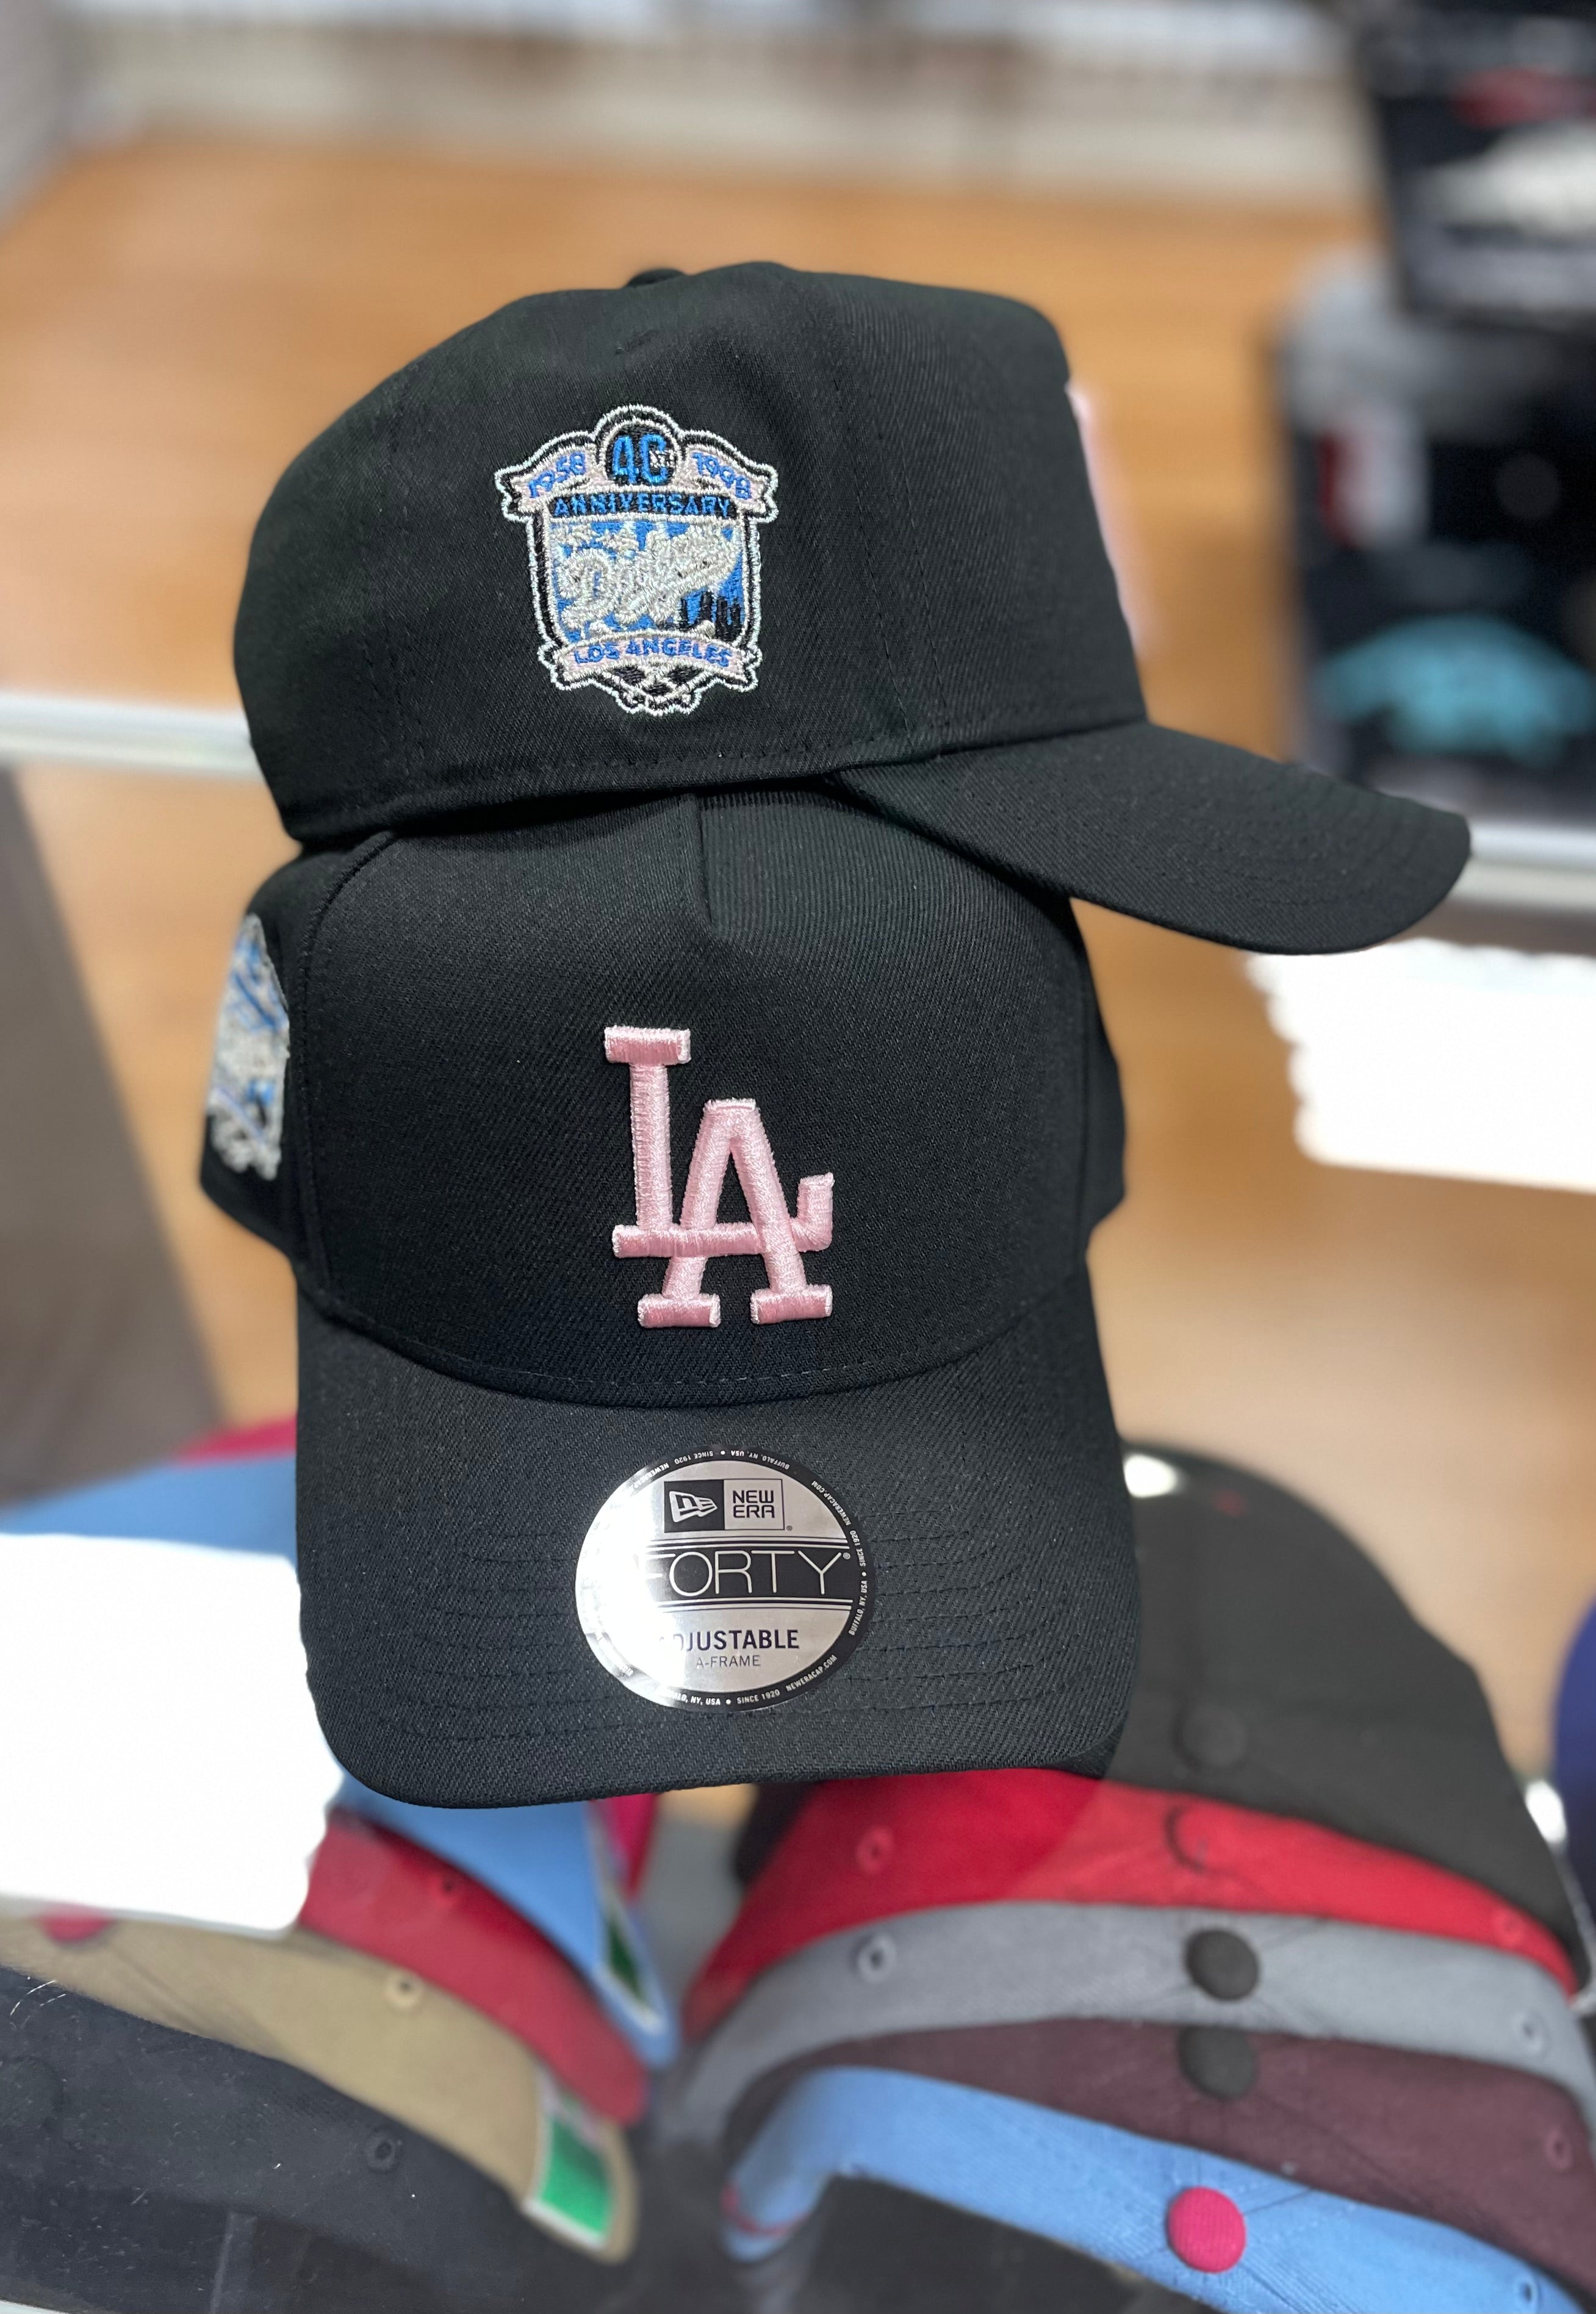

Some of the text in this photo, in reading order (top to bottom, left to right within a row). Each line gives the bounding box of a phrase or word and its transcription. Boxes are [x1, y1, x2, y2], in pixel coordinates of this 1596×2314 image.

[528, 451, 587, 499] 1958
[692, 451, 752, 500] 1998
[553, 492, 730, 518] ANNIVERSARY
[573, 637, 733, 668] LOS ANGELES
[604, 1025, 835, 1329] LA
[674, 1455, 691, 1464] 1920
[732, 1490, 775, 1504] NEW
[733, 1504, 775, 1518] ERA
[811, 1481, 851, 1525] NEWERACAP.COM
[850, 1530, 866, 1567] SINCE 1920
[660, 1630, 800, 1651] DJUSTABLE
[696, 1655, 761, 1669] A-FRAME
[785, 1655, 838, 1692] NEWERACAP.COM
[736, 1689, 780, 1705] SINCE 1920

[Exercise details]
The response should repeat every entry above exactly and include none of the pictures.

[Result below]
Some of the text in this photo, in reading order (top to bottom, left to right within a row). Each line gives the bounding box of a phrase or word and its transcription. Boxes are [x1, y1, x2, y2], in pixel coordinates of this 1596×2314 image.

[528, 451, 587, 499] 1958
[692, 451, 752, 500] 1998
[553, 492, 730, 518] ANNIVERSARY
[573, 637, 733, 668] LOS ANGELES
[604, 1025, 835, 1329] LA
[674, 1455, 691, 1464] 1920
[732, 1490, 775, 1504] NEW
[733, 1504, 775, 1518] ERA
[811, 1481, 851, 1525] NEWERACAP.COM
[850, 1530, 866, 1567] SINCE 1920
[660, 1630, 800, 1651] DJUSTABLE
[696, 1655, 761, 1669] A-FRAME
[785, 1655, 838, 1692] NEWERACAP.COM
[736, 1689, 780, 1705] SINCE 1920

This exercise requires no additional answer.